Module 10 Case Assignment Review

  • Review of module 10 case assignments graded by Doctor Verdolino.
      - Grades expected by end of the day (mentioned live updates during sync session).
      - Shared themes and tips for improving future cases, specifically module 11.

Mechanism of Injury

  • Examined case of foot injury due to pivoting with foot planted.
      - Foot Positioning:
        - Important terms: pronated vs. supinated positions.
        - Specific example: foot planted outward, termed everted and abducted, with navicular bone in pronation.
      - Mechanism: Foot in a pronated position pivoting leads to external rotation, a force impacting injury classification.

Classification Systems for Injuries

  • Lush Hansen Classification (LH): Uses two critical descriptors:
      1. Position of the foot.
      2. Force on the talus during injury (e.g., pronation and exorotation).
  • Weber Classification: Describes fibular fractures concerning ankle joint positions:
      - Weber A: Below the ankle joint.
      - Weber B: At the ankle joint.
      - Weber C: Above the ankle joint.
      - Important to note: Weber not limited to distal fibula.

Clinical Prediction Rules (CPRs) and Imaging

  • Discussed Ottawa Ankle and Foot Rules as key clinical prediction tools for ankle and foot injuries.
      - Familiarity with criteria for differentiation between ankle and foot assessments is necessary for appropriate imaging referrals.
  • Radiograph Interpretation:
      - Distinction between radiolucency (air, fat) and radiopacity (bone, metal).
      - Common structures seen: outlines of tibia and fibula.
      - Identification of abnormalities specific to injury indications.

Advanced Imaging Techniques

  • Types of Advanced Imaging:
      - CT Scans: Best for identifying complex fractures.
      - MRI: Effective for assessing soft tissue and ligament damage.
      - Importance of differentiating terminology: density for CT, intensity for MRI, echoic for ultrasound.

Differentiating Pain Sources

  • Focus on abdominal pain origins:
      - Visceral vs.

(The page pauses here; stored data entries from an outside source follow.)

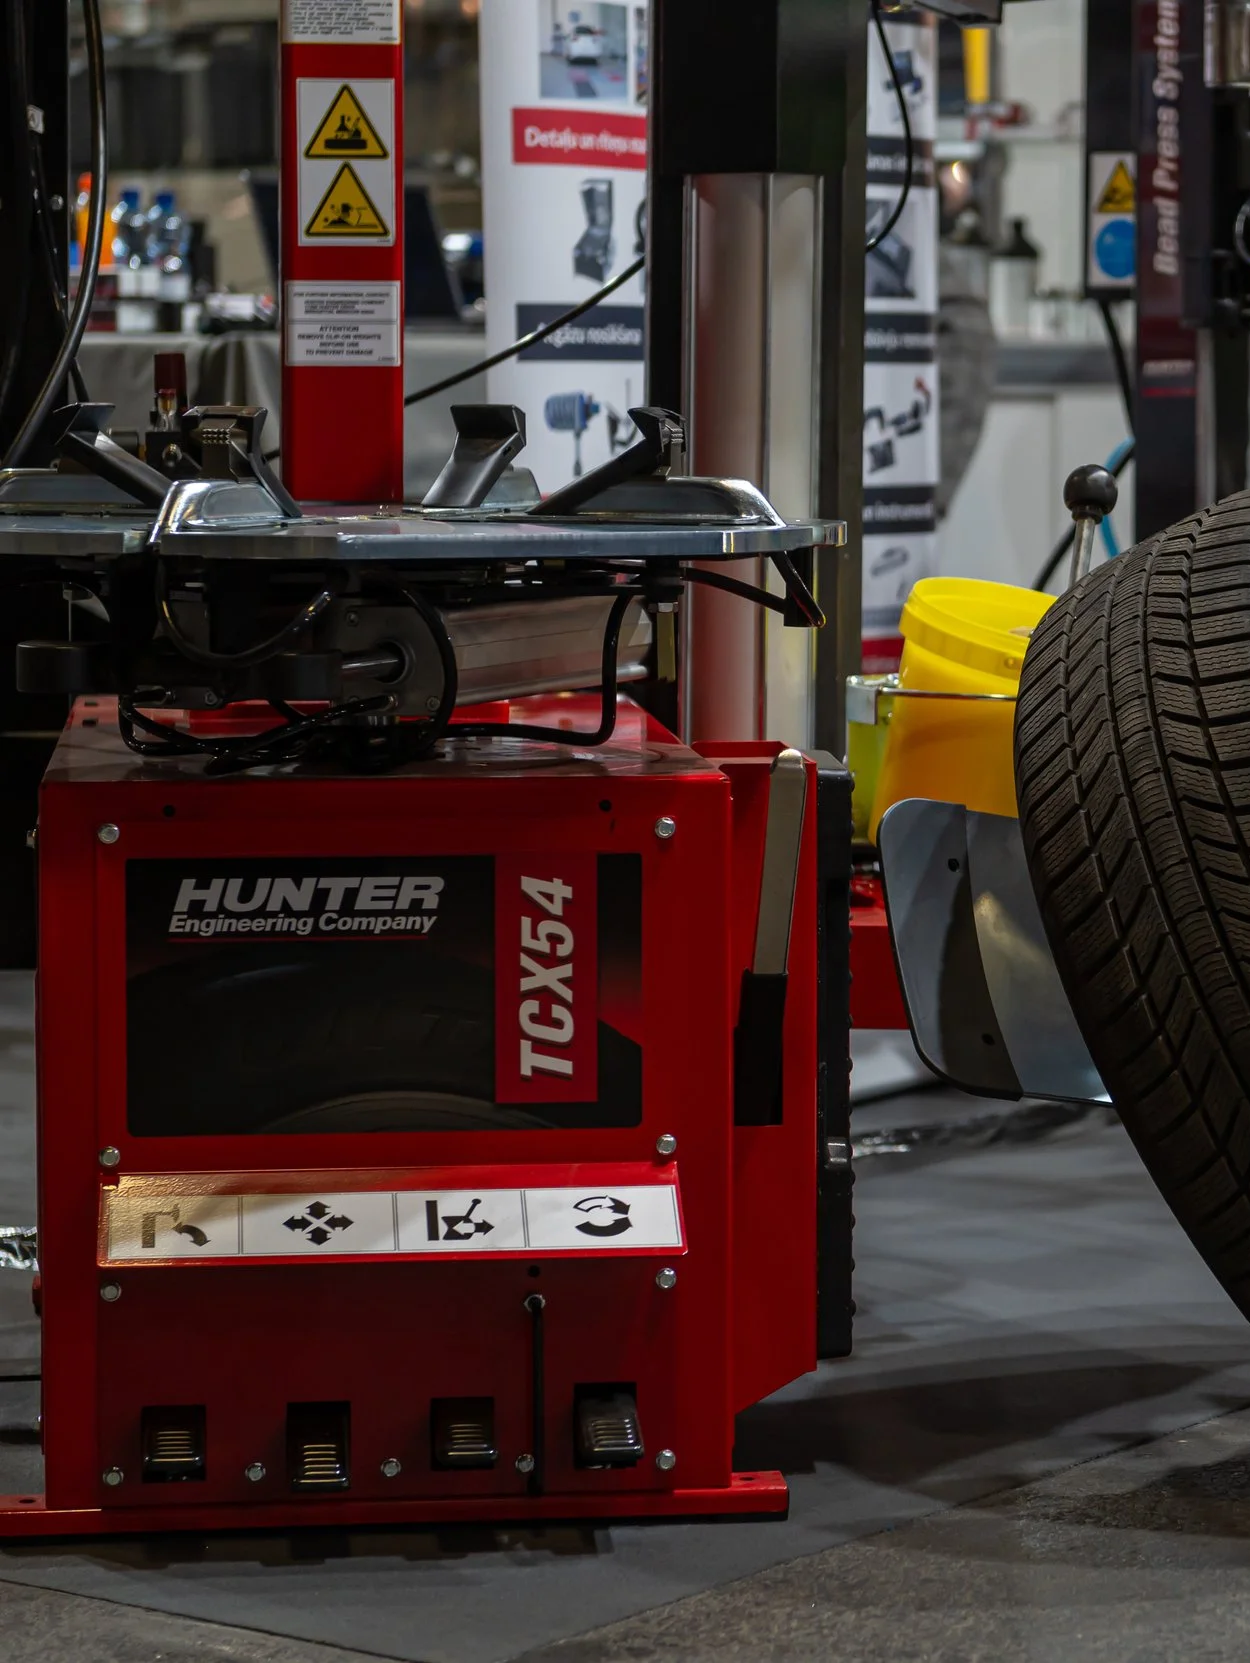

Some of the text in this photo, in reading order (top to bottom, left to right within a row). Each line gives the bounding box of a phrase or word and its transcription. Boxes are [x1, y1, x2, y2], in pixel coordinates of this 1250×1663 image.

[1152, 105, 1180, 191] Press
[1152, 197, 1180, 276] Bead
[168, 912, 438, 937] Engineering Company
[172, 876, 446, 913] HUNTER
[518, 875, 575, 1078] TCX54

Musculoskeletal.
      - Importance of abdominal assessment due to potential overlapping symptoms.

Abdominal Assessment Techniques

  • Key abdominal tests:
      - Straight Leg Raise Test (SLR): Indicates lumbar nerve root issues.
      - Assessment of dermatomes: spinal nerve roots T7-L1 related to abdominal region and contributing cutaneous nerves.

  • Referred Pain in Context:
      - Understanding which organs may refer pain to specific dermatomes (e.g., stomach, kidney, gallbladder).
      - Noting overlap from muscle to skin via shared spinal roots leading to reverse referred pain.

Terms and Definitions

  • Carnett's Sign: Indicates if abdominal pain is muscular or visceral based on contraction responses.
      - Positive sign: Increased pain signifies MSK origin; a negative sign indicates a possible visceral source.

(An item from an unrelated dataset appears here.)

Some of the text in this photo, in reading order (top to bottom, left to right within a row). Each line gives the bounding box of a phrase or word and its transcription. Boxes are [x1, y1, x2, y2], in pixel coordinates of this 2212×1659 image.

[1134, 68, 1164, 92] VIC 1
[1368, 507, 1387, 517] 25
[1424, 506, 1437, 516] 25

  • Murphy's Sign: Assessment for gallbladder inflammation; involves similar techniques as the Carnett's Sign.

  • McBurney’s Point: Indicative of appendicitis pain assessment.

Muscle Innervation and Pain

  • Posterior abdominal wall muscles discussed:
      - Iliopsoas (Psoas Major and Iliacus) and Quadratus Lumborum (QL): Key muscles contributing to abdominal pain.
      - Innervation roots: Psoas Major (L1-L3), Iliacus (L2-L4), QL (T12-L4).

Thomas Test

  • Purpose of Thomas Test: Identifies hip flexor tightness; differentiates type of tightness based on leg movement during the test.
      - Indicates musculotendinous involvement in injuries leading to referred pain.

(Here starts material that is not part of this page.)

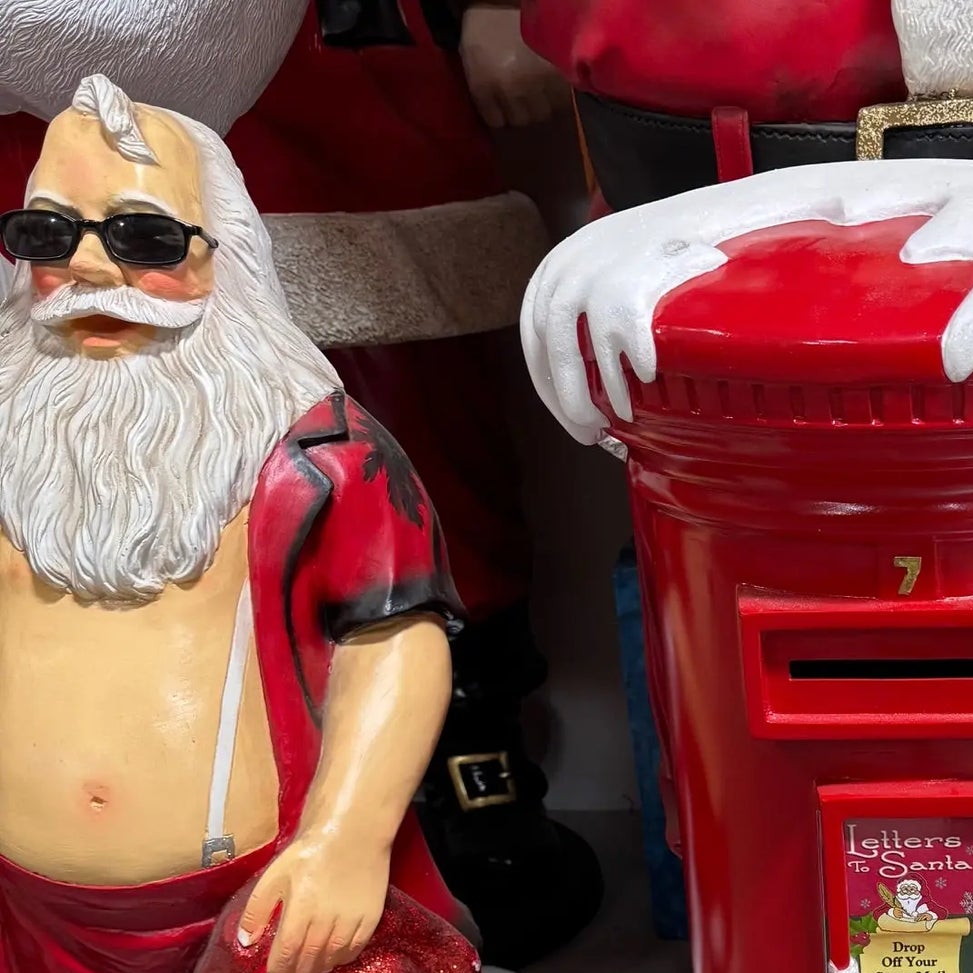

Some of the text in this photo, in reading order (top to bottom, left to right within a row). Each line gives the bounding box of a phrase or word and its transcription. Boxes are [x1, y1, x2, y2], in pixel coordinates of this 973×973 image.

Group Case Assignment Guidelines

  • Overview of case assignments to differentiate between MSK and visceral abdominal pain based on symptomatology.
      - Prompts for assessments include lower quarter screens, differentiating evaluation strategies.
      - Discussion on organ placement relative to quadrants–key for physical therapy examinations.

Key Takeaways

  • Understanding the importance of thorough abdominal assessments in physical therapy for accurate diagnoses.
  • The significance of differentiating pain origins in therapeutic discussions and practical assessments.
  • Preparation for clinical applications and patient case assignments through effective evaluations and knowledge of assessment tools.